It's so unlike Stiles that Danny decides he doesn't like it at all. “So.”

“So. Danny. You know how I'm a fan of ignoring shit until it goes away?”

“I've noticed,” Danny says, his voice dry enough to scratch.

“Yeah, yeah, whatever. Anyway, like, last night. You were joking. Right?”

Danny can hear the way Stiles takes in his breath, shallow but fast. Danny removes the hand from his eyes, and props himself up on his elbows so that he can look at Stiles.

Sitting on his chair, legs spread, one foot tapping against the floor, Stiles looks at him like he expects a revelation.

Stiles is giving him the easy way out. Stiles _wants_ him to say yes.
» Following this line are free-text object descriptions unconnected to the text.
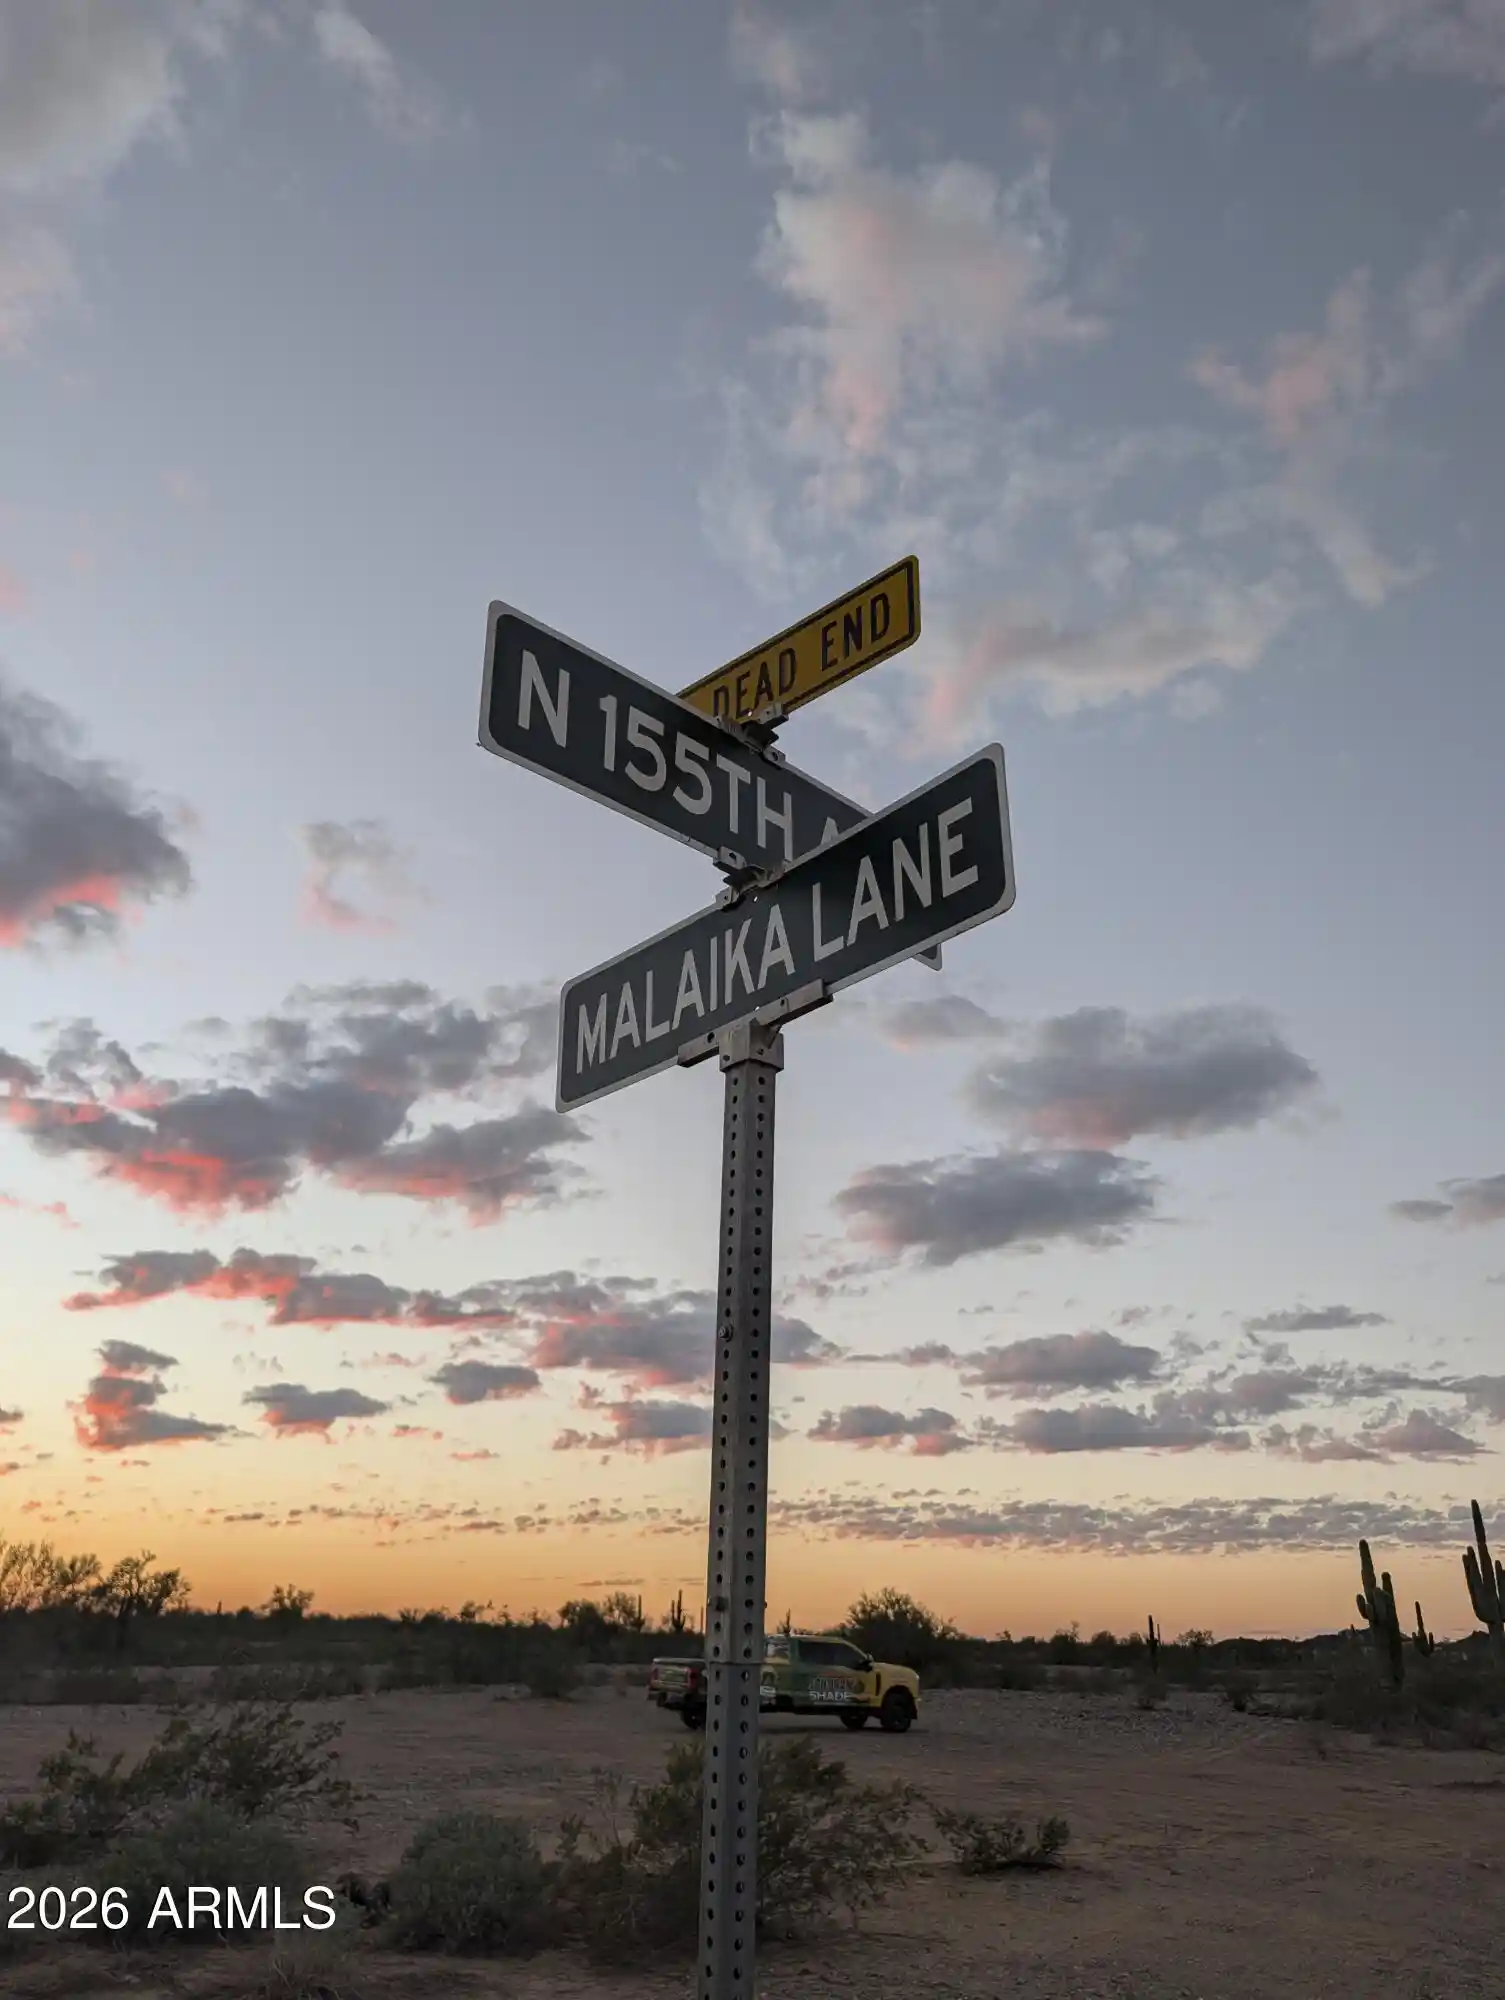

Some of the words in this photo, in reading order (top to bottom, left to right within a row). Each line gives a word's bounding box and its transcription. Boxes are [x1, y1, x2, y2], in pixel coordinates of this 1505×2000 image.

[516, 648, 571, 747] N
[599, 694, 793, 863] 155TH
[713, 648, 797, 719] DEAD
[821, 592, 890, 672] END
[575, 903, 796, 1074] MALAIKA
[811, 797, 979, 962] LANE
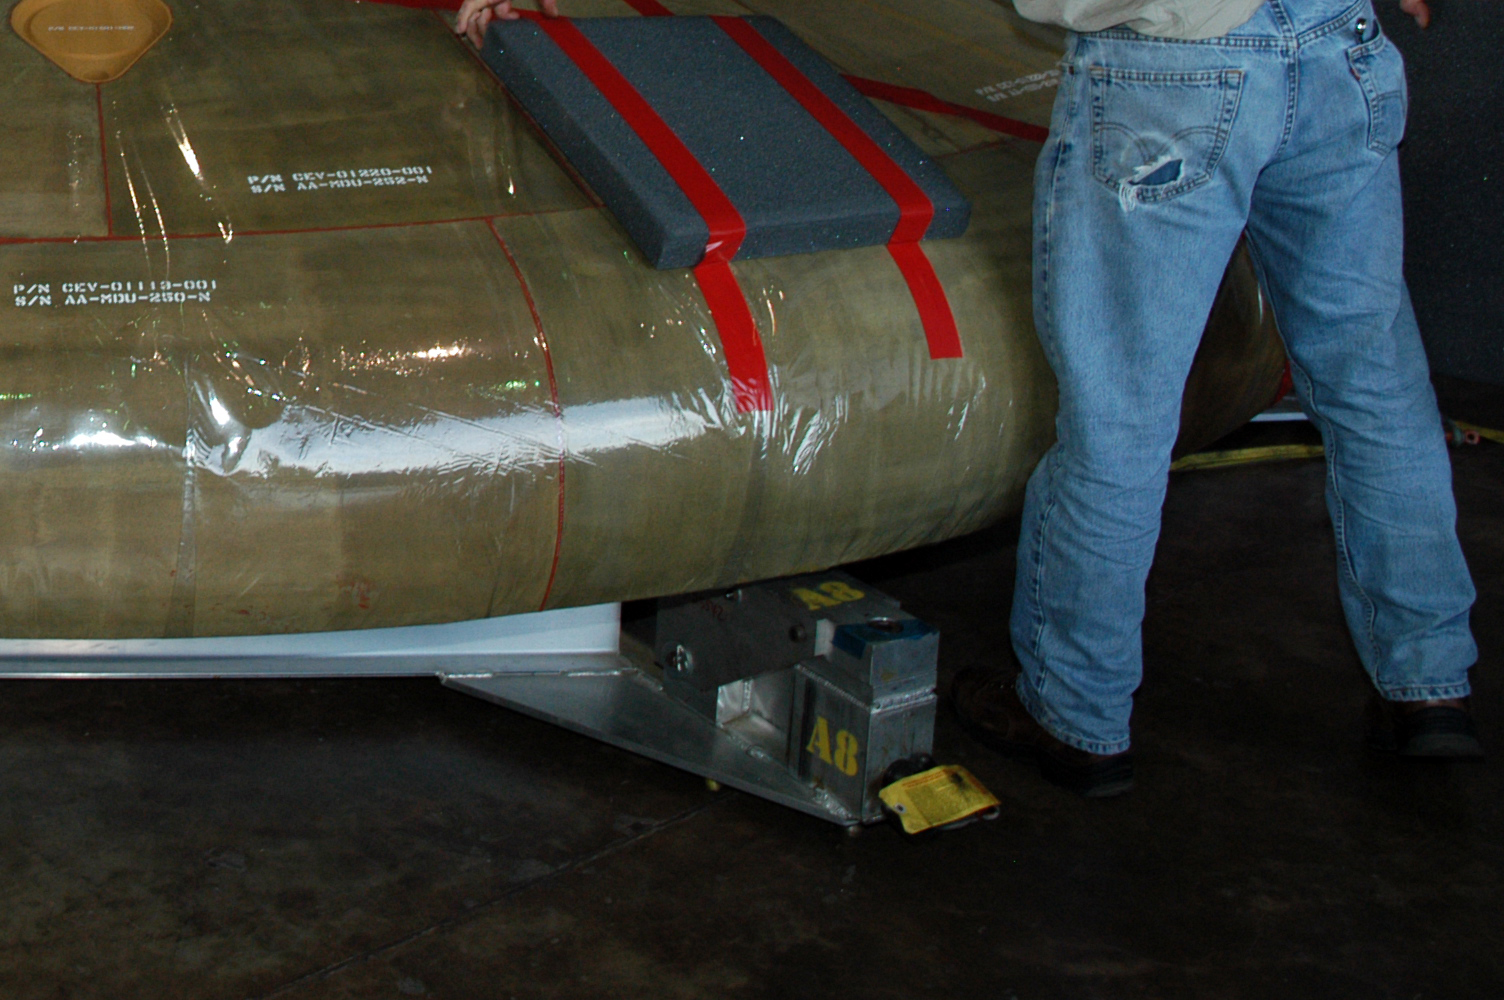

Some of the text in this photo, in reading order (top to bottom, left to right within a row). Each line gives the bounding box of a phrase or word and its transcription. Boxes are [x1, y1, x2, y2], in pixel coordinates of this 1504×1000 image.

[247, 165, 434, 185] P/N CEV-01220-001
[249, 174, 429, 194] S/N AA-MDU-252-N
[12, 283, 51, 295] P/N
[14, 291, 212, 307] S/N AA-MDU-250-N
[790, 580, 866, 612] A8
[805, 714, 860, 778] A8
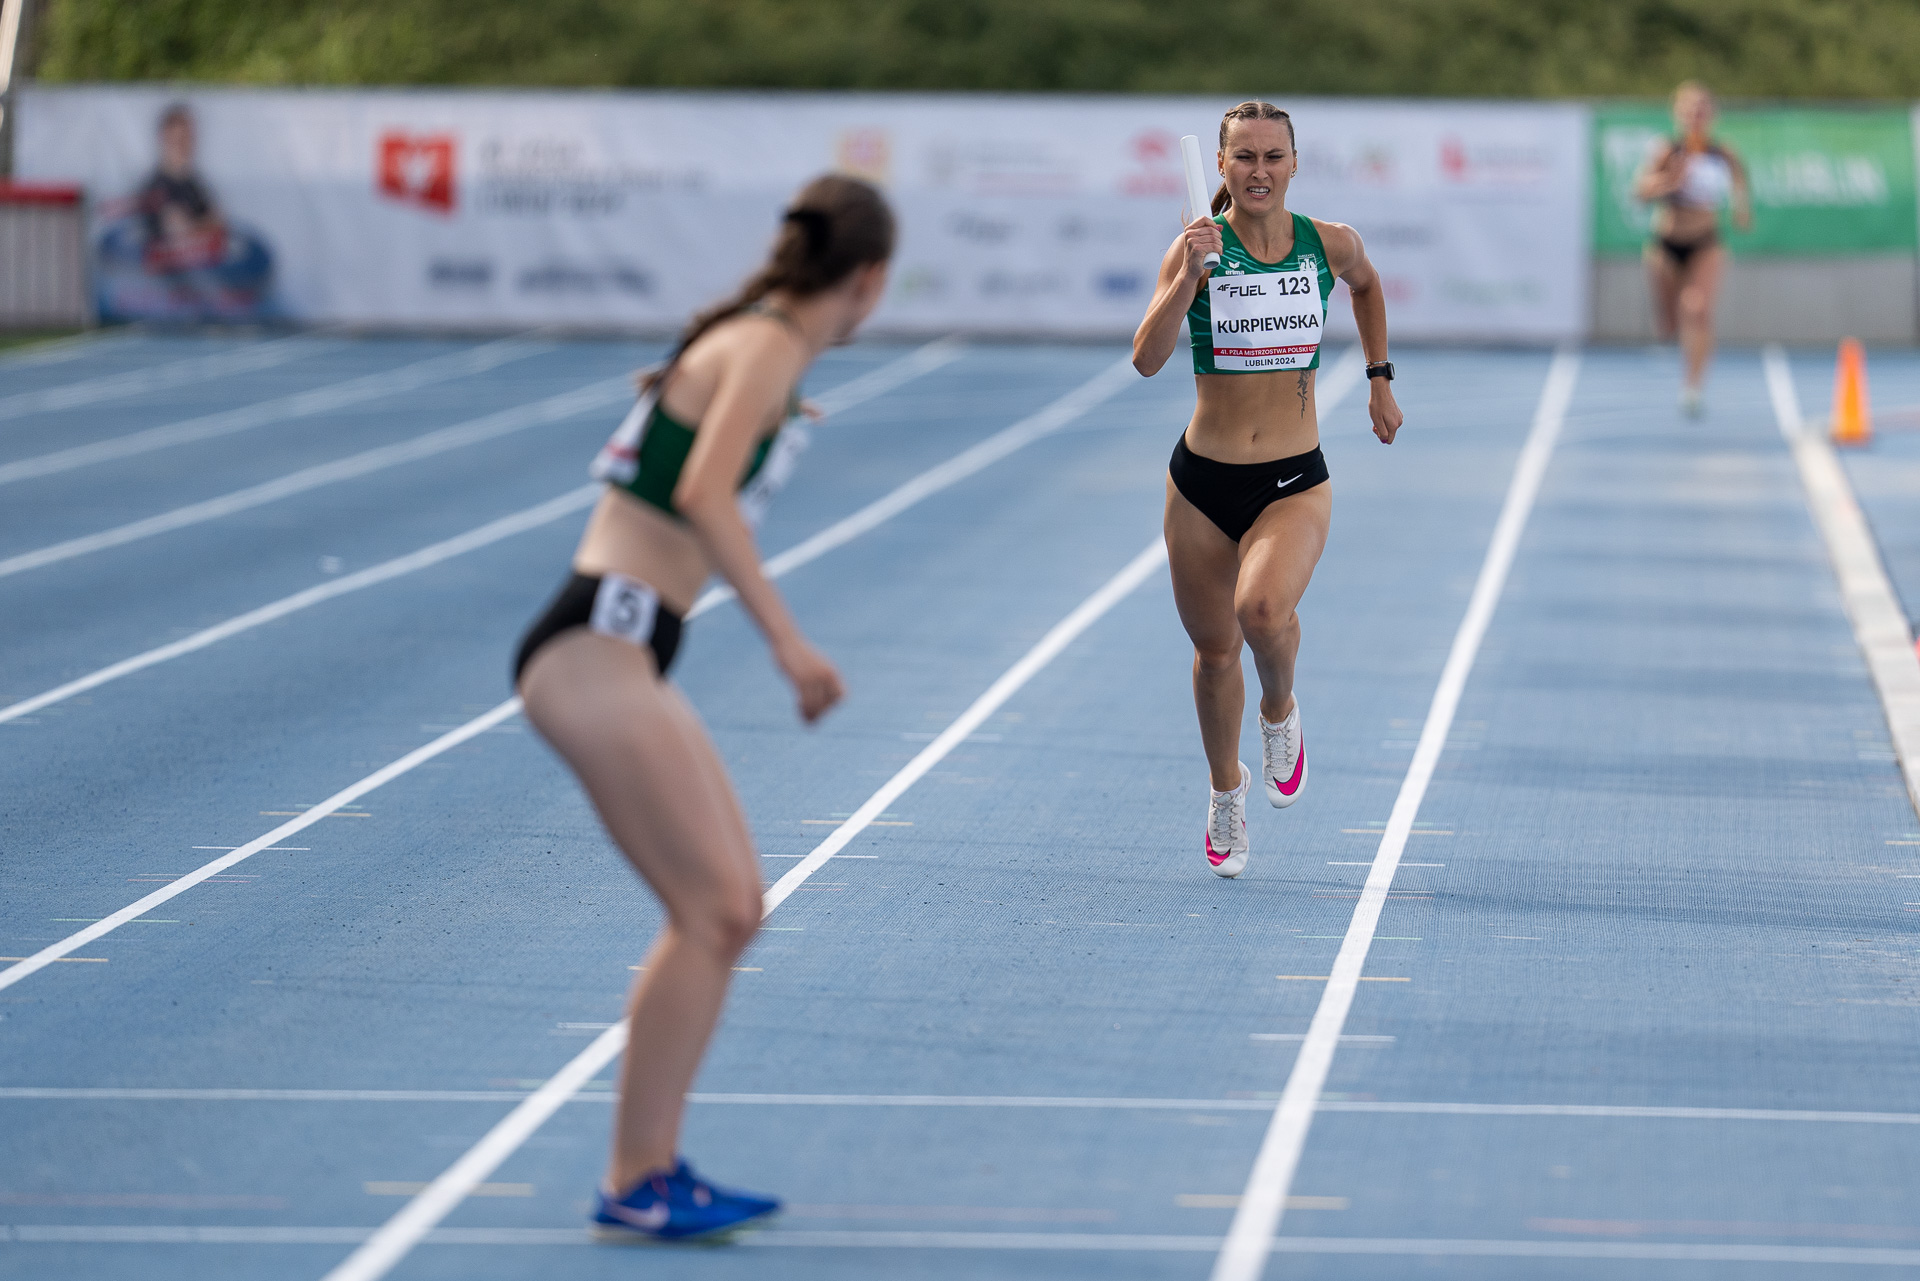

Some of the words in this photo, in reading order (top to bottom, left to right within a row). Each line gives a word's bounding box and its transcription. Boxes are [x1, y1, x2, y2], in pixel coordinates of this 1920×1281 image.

[1230, 285, 1267, 297] FUEL
[1278, 277, 1310, 296] 123
[1217, 314, 1319, 334] KURPIEWSKA
[1244, 348, 1286, 356] MISTRZOSTWA
[1288, 346, 1308, 354] POLSKI
[1245, 358, 1273, 367] LUBLIN
[1275, 356, 1296, 365] 2024
[606, 589, 642, 635] 5
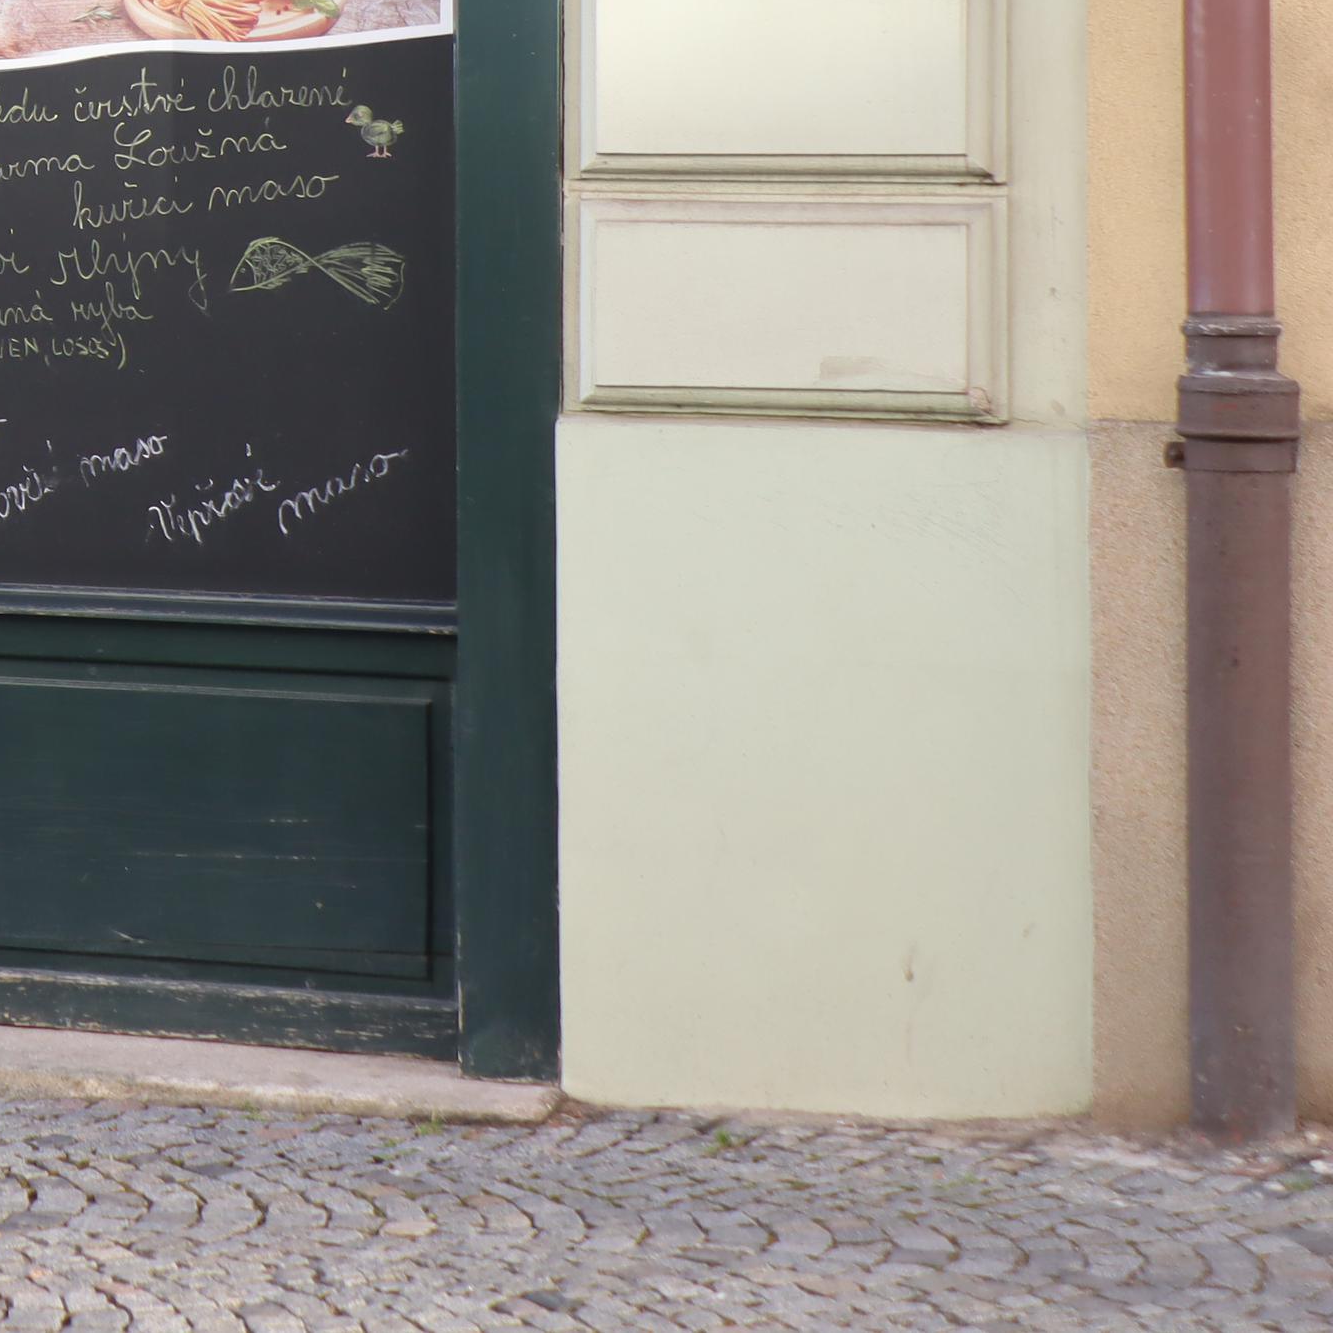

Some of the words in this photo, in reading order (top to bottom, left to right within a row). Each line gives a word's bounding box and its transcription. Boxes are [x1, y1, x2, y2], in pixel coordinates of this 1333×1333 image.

[74, 67, 196, 123] čerstvé
[208, 65, 353, 113] chlazené
[208, 174, 340, 212] maso
[79, 435, 167, 488] maso
So Danny does. “Yeah. I was joking.”

Stiles remains so still he could've balanced a pen on his head. Then, tension seeps out of his shoulders, and a miasma of emotions washes over his face, so fast that Danny can't analyze them all, and then he says, “Okay. We'll forget it about then.” Before Danny can be sure that that's really a hint of _disappointment_ that he sees on his face, he's already faced with the back of Stiles' head above the chair.

For about ten minutes, there is nothing but silence.

Then, Danny ventures forward with a, “So, how are finals going for you, then?”

Stiles looks at him over his shoulder. His lips are thinned, slope down moodily. “They blow, what else?” Something flashes in his eyes. “Wouldn't be so bad if they weren't the _only_ things that did.”

Is Danny supposed to say something to that? He's probably supposed to say something to that. Shit, and he used to be _good_ at dealing with Stiles –

Danny clears his throat. “Well. They blow for me, too.”

Stiles says nothing in return.

Danny decides to turn his back to Stiles, close his eyes, and try to take a nap. The _click-click-clack_ of Stiles' fingers flying over the keyboard follows him into his sleep.

 

-

 

Danny spends the rest of the week in an exam-induced haze. In the mornings, he gets up early to head to the library review whatever exam he has to take that day, powers himself up with an energy drink or two, and reads his notes until he goes cross-eyed.

He sees little of Braeden, or Isaac, or even Stiles. He sees Braeden once when he's on his way from the library to an exam, a steaming cup of coffee in his hands. The cold feels like a thousand tiny needles stinging his face, and he has his scarf wrapped so tightly around his face that he almost misses her in a blur.

They talk for a few minutes while the snow drifts down around them. She doesn't mention what happened at _Wolfsbane_ , but her smile is as slow as the fall of the snowflakes.

“Take care,” she says before she hurries off.

The days start to bleed together. Caffeine and stress-induced anxiety settle in his chest and set up camp there, stir his heart into mild palpitations, reach down to grab his stomach in a hardened clench. Jackson calls on Thursday, but Danny has to cut him off because he's on his way to his last exam for the semester, but not before Jackson gets in a few choice words.

“What the fuck is _wrong_ with you?” Jackson grumbles into his ear. “Too busy?”

“Some of us take higher education seriously,” Danny says.

“Yeah, fuck you and your high-ass horse. You sound like you're about to keel over and die from exhaustion. If you can't handle it, it's better to take it easy. Dead friends make lousy friends.”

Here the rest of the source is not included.